--- Data in this exercise ---
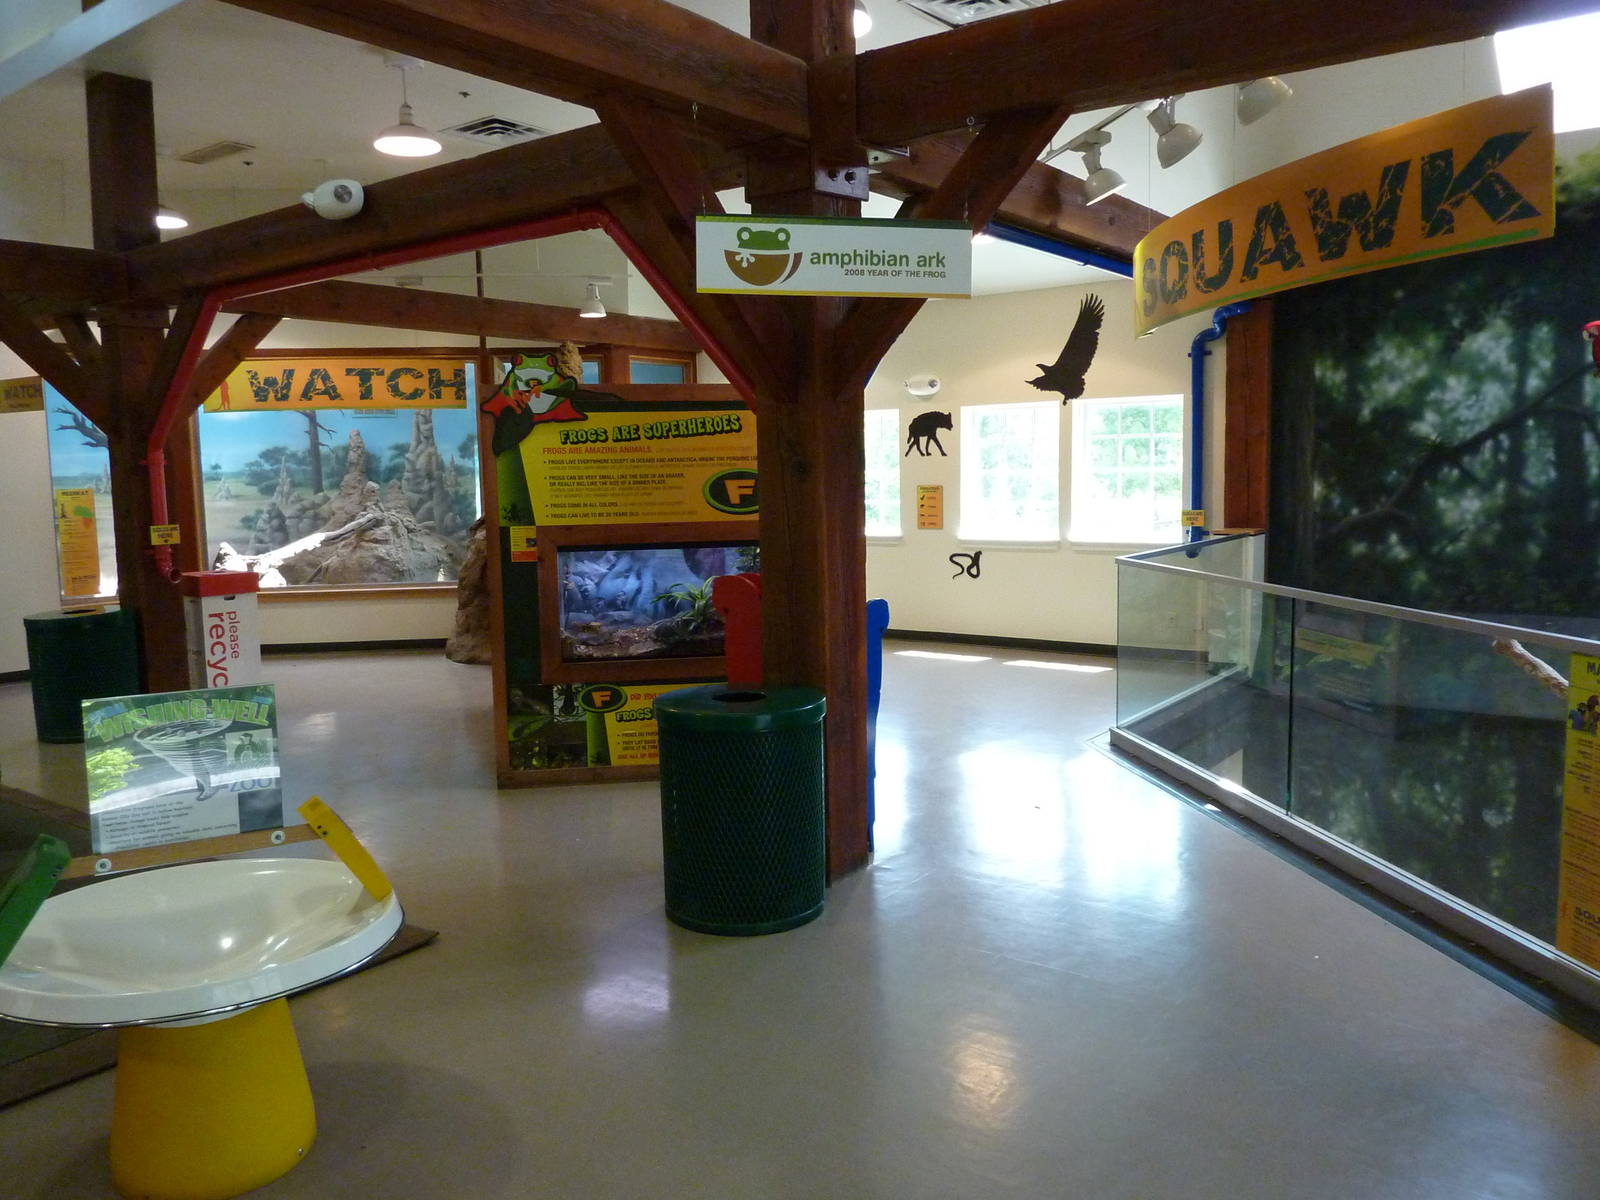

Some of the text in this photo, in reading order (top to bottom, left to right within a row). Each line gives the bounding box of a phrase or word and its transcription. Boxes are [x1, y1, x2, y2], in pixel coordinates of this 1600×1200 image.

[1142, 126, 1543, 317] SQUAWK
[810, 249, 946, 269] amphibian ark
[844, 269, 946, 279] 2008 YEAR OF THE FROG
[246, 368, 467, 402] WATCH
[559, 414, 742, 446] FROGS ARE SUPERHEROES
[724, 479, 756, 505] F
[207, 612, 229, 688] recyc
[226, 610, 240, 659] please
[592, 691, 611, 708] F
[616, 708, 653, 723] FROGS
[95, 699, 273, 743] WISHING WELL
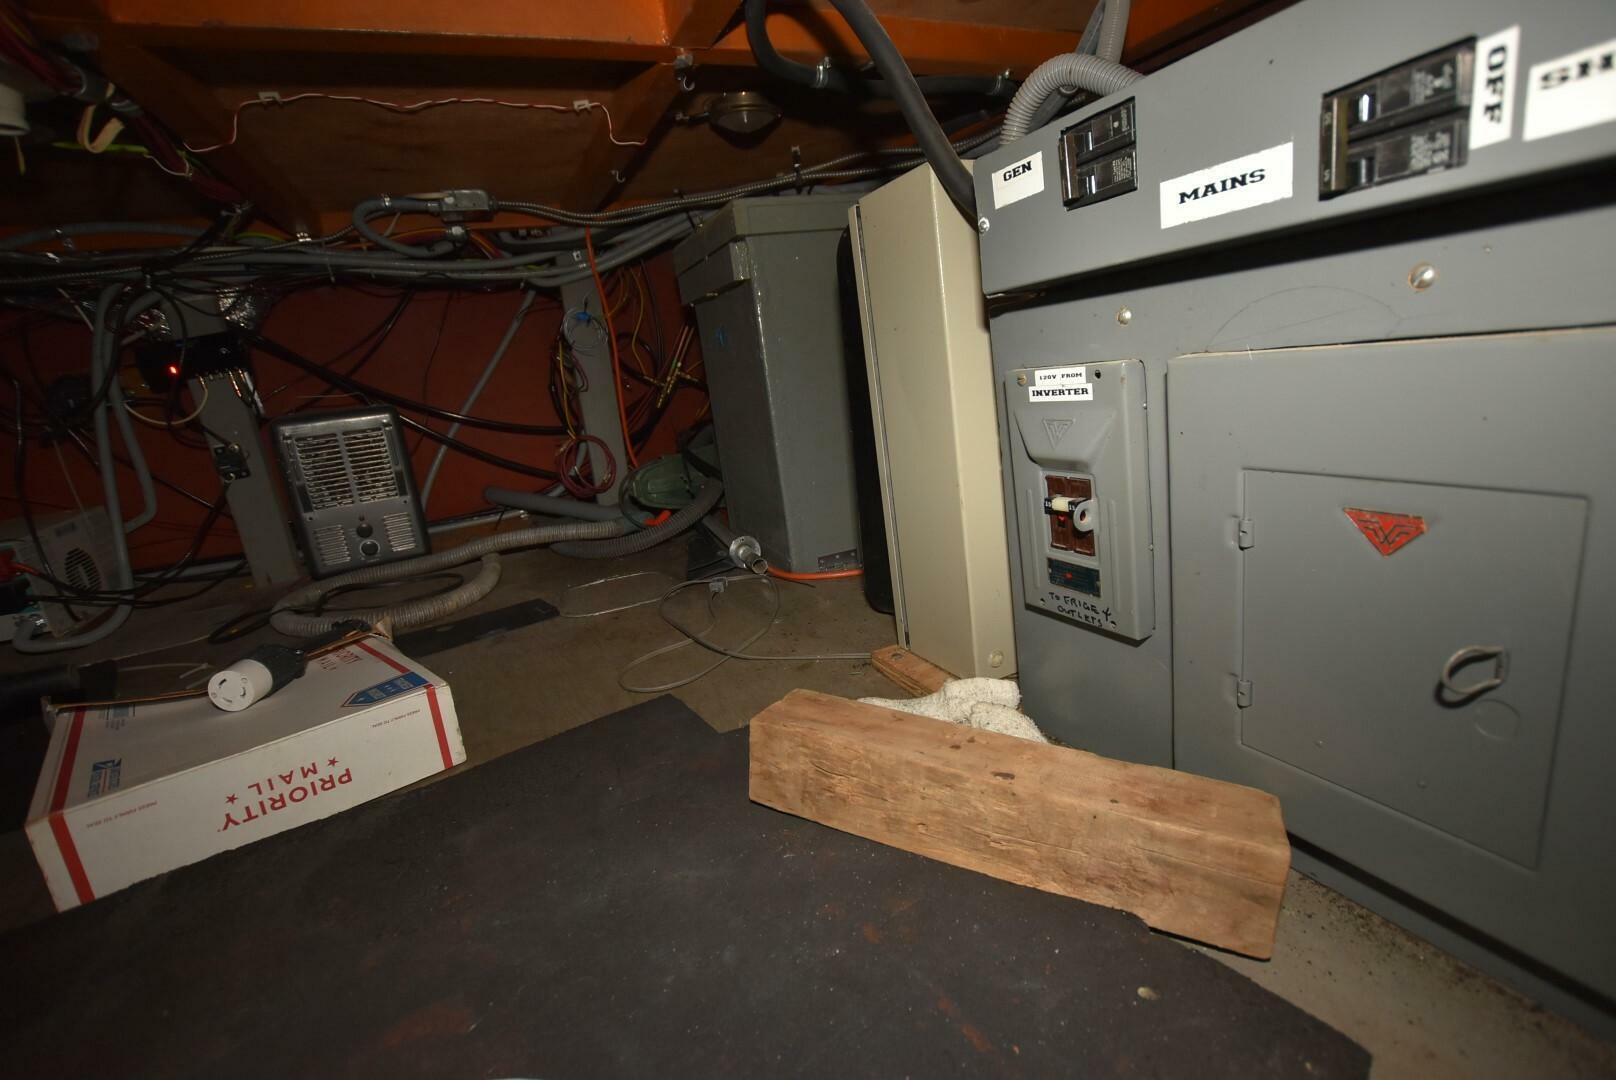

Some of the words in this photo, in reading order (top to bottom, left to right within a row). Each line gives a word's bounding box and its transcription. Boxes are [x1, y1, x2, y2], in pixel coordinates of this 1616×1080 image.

---

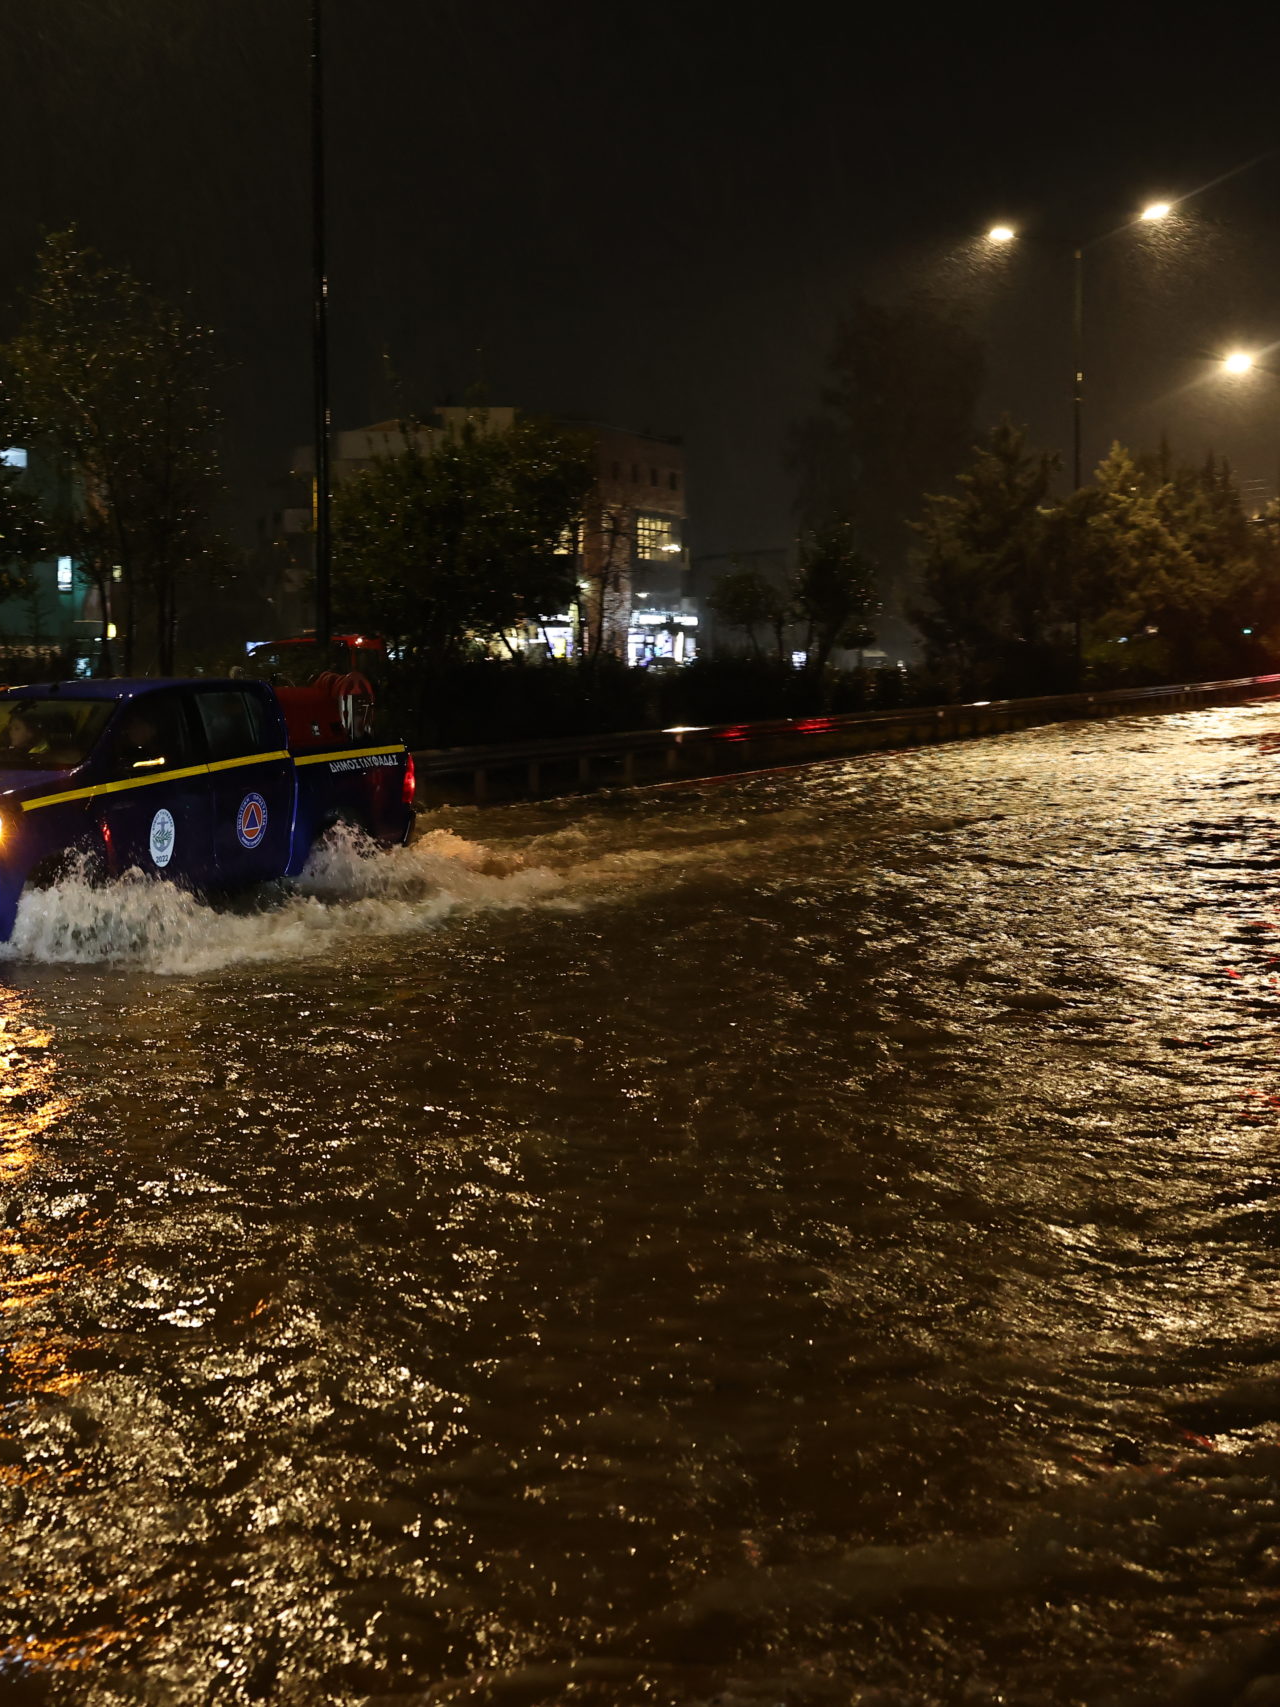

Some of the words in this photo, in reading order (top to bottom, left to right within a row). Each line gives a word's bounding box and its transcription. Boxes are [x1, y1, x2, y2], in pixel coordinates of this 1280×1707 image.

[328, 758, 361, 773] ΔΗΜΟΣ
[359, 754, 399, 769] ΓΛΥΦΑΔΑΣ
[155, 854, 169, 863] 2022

==

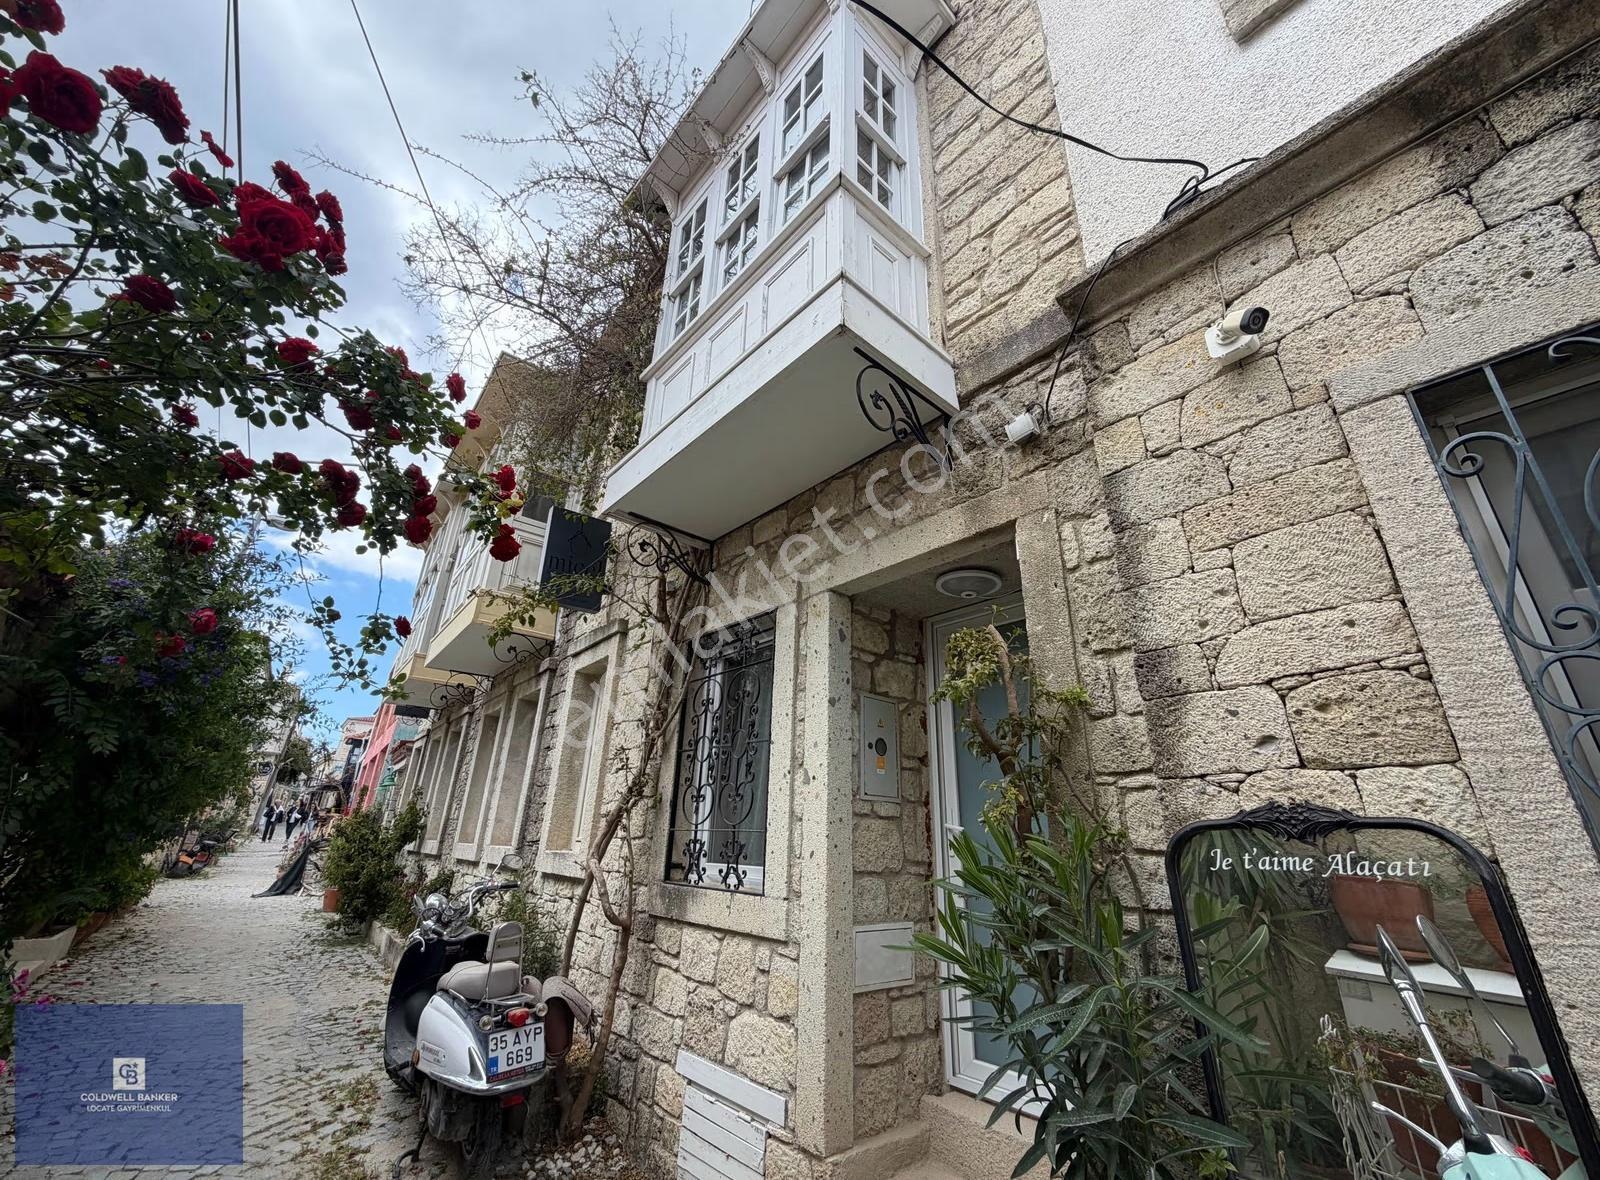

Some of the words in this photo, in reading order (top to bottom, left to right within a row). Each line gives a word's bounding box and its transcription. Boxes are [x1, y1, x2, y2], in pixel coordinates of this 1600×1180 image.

--- What the task asks ---
Among the entries above, find the line with "Some of the text" and repeat exactly from there through the line with "this 1616×1080 image.", leaving out the pictures.

--- Task output ---
Some of the text in this photo, in reading order (top to bottom, left to right within a row). Each line gives the bounding box of a phrase or word and its transcription. Boxes are [x1, y1, x2, y2], in pixel coordinates of this 1600×1200 image.

[1142, 126, 1543, 317] SQUAWK
[810, 249, 946, 269] amphibian ark
[844, 269, 946, 279] 2008 YEAR OF THE FROG
[246, 368, 467, 402] WATCH
[559, 414, 742, 446] FROGS ARE SUPERHEROES
[724, 479, 756, 505] F
[207, 612, 229, 688] recyc
[226, 610, 240, 659] please
[592, 691, 611, 708] F
[616, 708, 653, 723] FROGS
[95, 699, 273, 743] WISHING WELL

Some of the words in this photo, in reading order (top to bottom, left to right within a row). Each line gives a word's bounding box and its transcription. Boxes are [x1, y1, x2, y2], in pixel coordinates of this 1616×1080 image.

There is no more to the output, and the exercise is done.